> [INSTRUCTIONS FOR THE TASK]:
Please copy out the full listing that follows exactly; no picture belongs in the copy.
..........
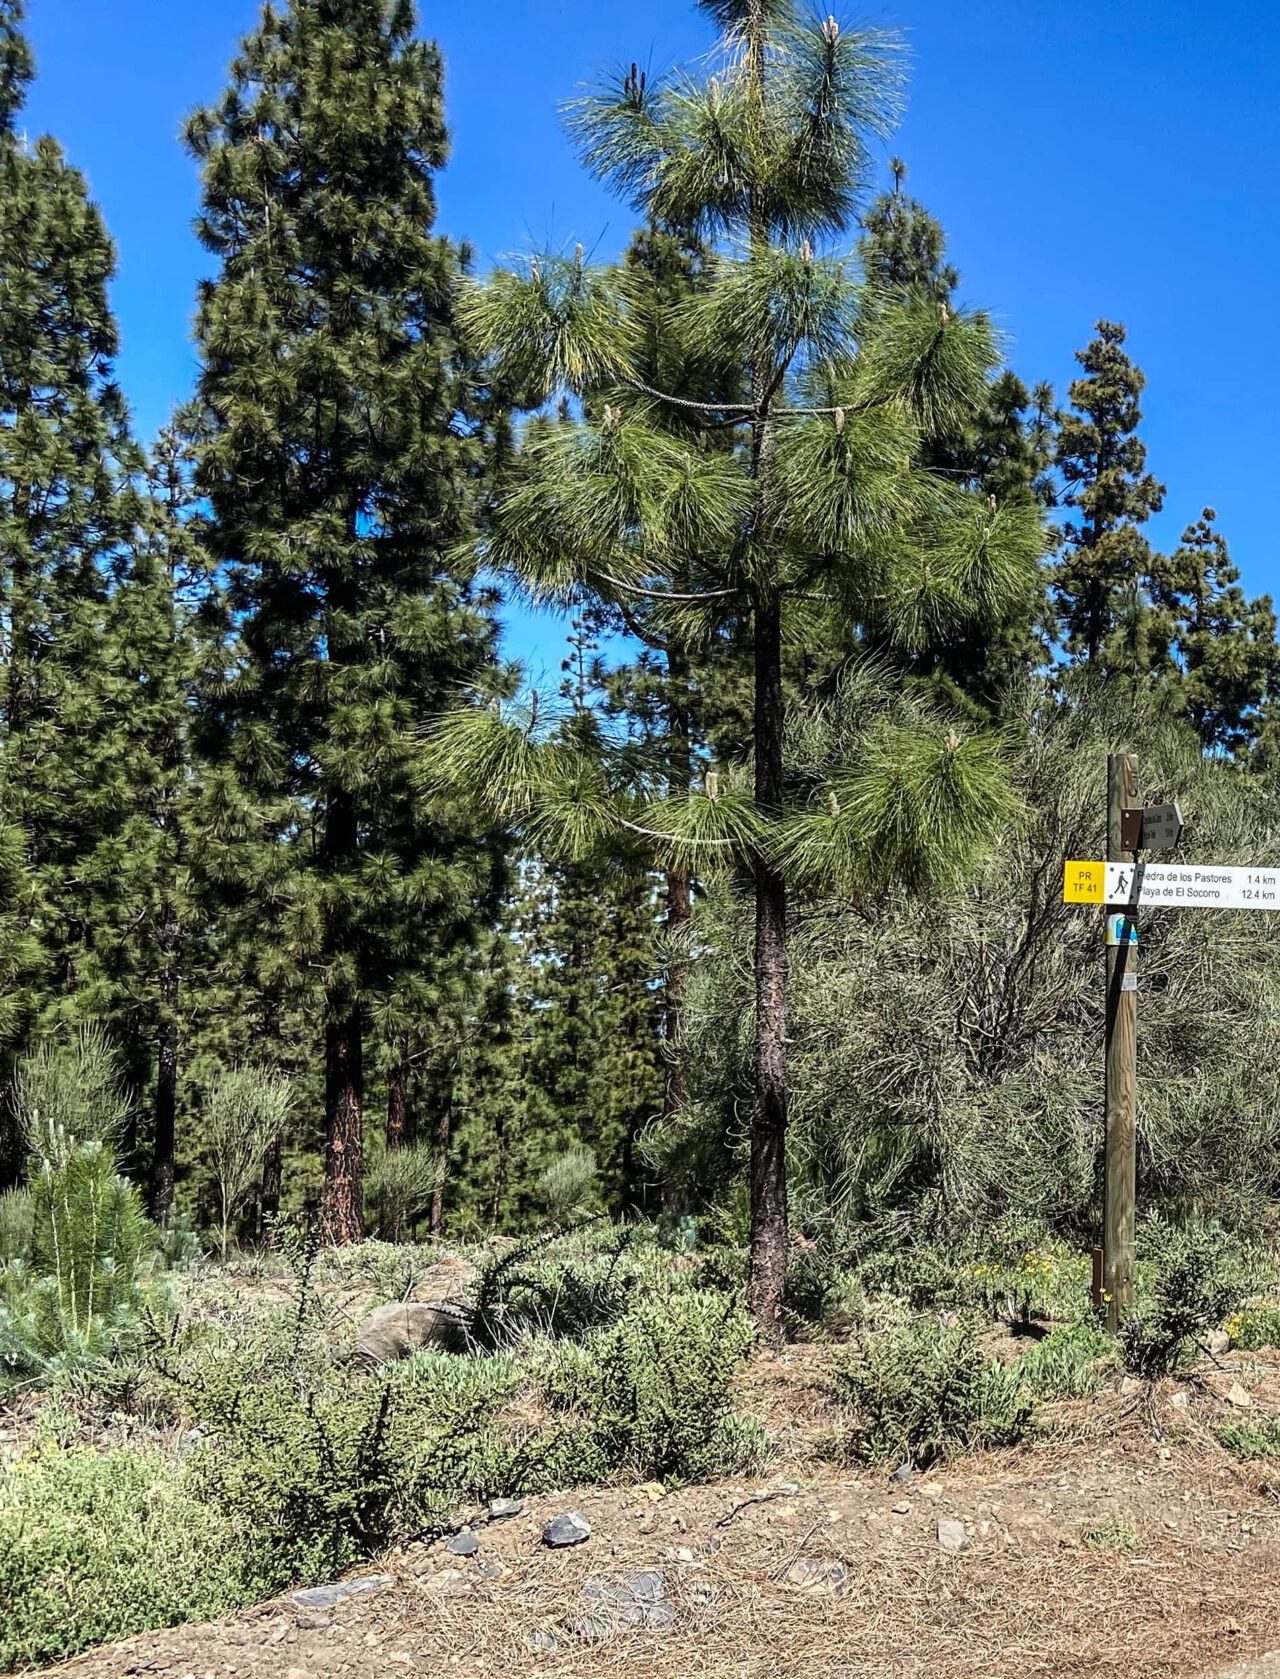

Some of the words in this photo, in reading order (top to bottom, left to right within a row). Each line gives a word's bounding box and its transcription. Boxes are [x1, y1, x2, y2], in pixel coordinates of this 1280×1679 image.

[1078, 871, 1092, 881] PR
[1167, 872, 1177, 882] de
[1180, 872, 1193, 882] los
[1194, 873, 1232, 884] Pastores
[1248, 875, 1260, 884] 1.4
[1263, 875, 1276, 885] km
[1073, 883, 1085, 892] TF
[1087, 884, 1097, 893] 41
[1136, 886, 1160, 898] Playa
[1163, 887, 1174, 897] de
[1176, 887, 1184, 897] El
[1186, 888, 1220, 898] Socorro
[1242, 890, 1260, 899] 12.4
[1262, 890, 1275, 900] km
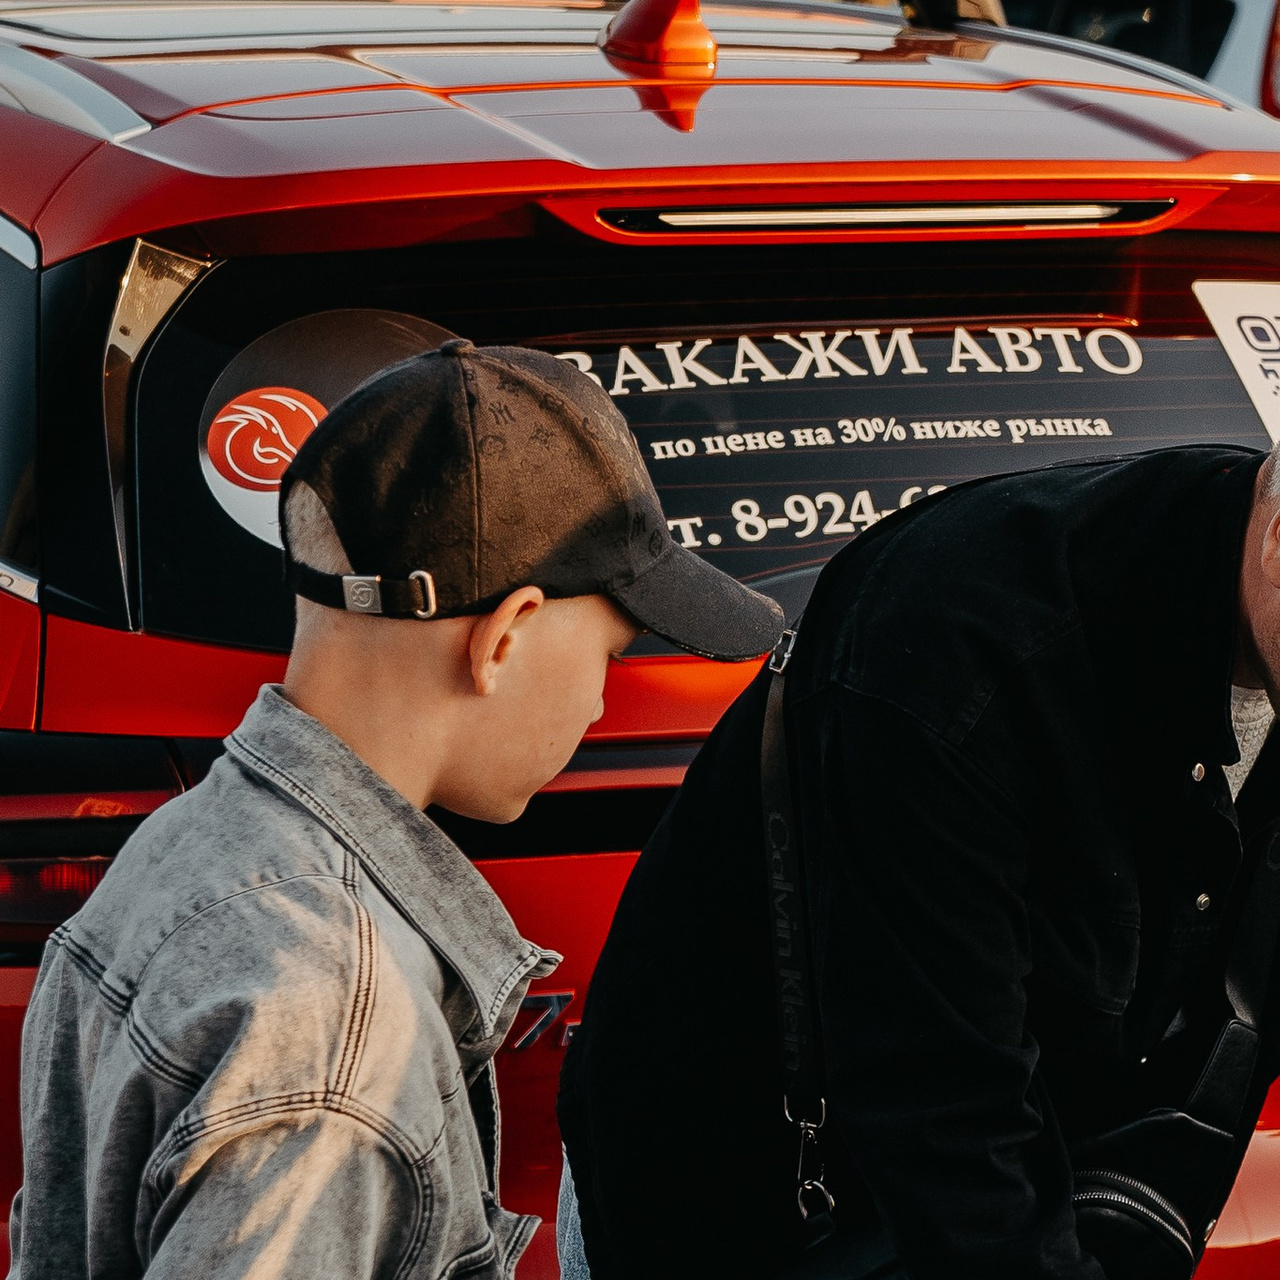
..........
> [YOUR RESPONSE]:
Some of the words in this photo, in reading order (top to bottom, left to right within a row). Each line gives a word's bounding box and its transcription. Boxes are [x1, y1, x2, y2], in pixel coordinates of this 1280×1679 image.

[1078, 871, 1092, 881] PR
[1167, 872, 1177, 882] de
[1180, 872, 1193, 882] los
[1194, 873, 1232, 884] Pastores
[1248, 875, 1260, 884] 1.4
[1263, 875, 1276, 885] km
[1073, 883, 1085, 892] TF
[1087, 884, 1097, 893] 41
[1136, 886, 1160, 898] Playa
[1163, 887, 1174, 897] de
[1176, 887, 1184, 897] El
[1186, 888, 1220, 898] Socorro
[1242, 890, 1260, 899] 12.4
[1262, 890, 1275, 900] km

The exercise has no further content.